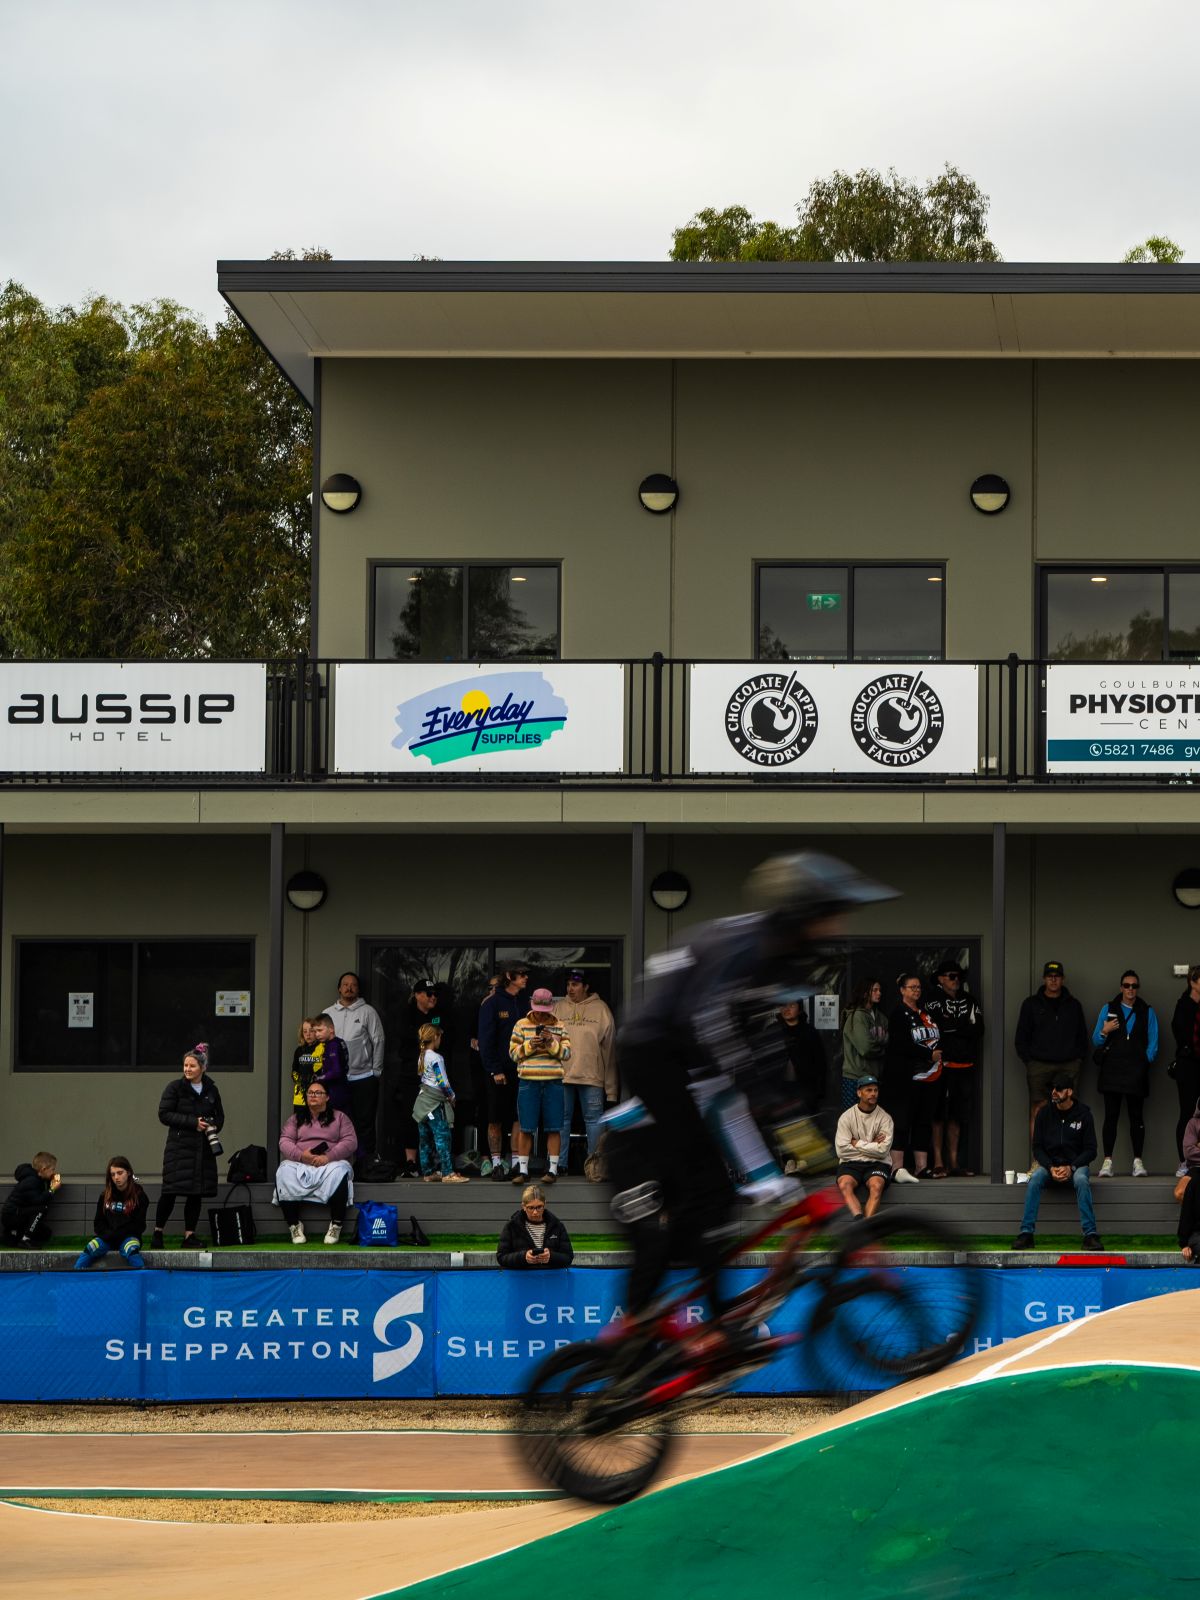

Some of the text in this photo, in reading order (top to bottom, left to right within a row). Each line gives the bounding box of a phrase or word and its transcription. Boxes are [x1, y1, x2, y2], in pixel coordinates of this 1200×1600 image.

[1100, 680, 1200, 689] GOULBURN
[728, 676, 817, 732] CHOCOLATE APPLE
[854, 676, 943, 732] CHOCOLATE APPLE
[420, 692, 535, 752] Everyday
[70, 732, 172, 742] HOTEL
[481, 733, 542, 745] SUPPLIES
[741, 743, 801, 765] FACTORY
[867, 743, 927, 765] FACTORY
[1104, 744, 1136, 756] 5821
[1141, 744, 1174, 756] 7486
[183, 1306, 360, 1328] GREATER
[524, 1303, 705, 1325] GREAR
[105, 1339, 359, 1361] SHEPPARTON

Instructions to follow: Omit the pictures and output all of the other material exactly.

Solved exercise:
Some of the text in this photo, in reading order (top to bottom, left to right within a row). Each line gives the bounding box of a phrase or word and its transcription. Boxes are [x1, y1, x2, y2], in pixel coordinates of this 1200×1600 image.

[1100, 680, 1200, 689] GOULBURN
[728, 676, 817, 732] CHOCOLATE APPLE
[854, 676, 943, 732] CHOCOLATE APPLE
[420, 692, 535, 752] Everyday
[70, 732, 172, 742] HOTEL
[481, 733, 542, 745] SUPPLIES
[741, 743, 801, 765] FACTORY
[867, 743, 927, 765] FACTORY
[1104, 744, 1136, 756] 5821
[1141, 744, 1174, 756] 7486
[183, 1306, 360, 1328] GREATER
[524, 1303, 705, 1325] GREAR
[105, 1339, 359, 1361] SHEPPARTON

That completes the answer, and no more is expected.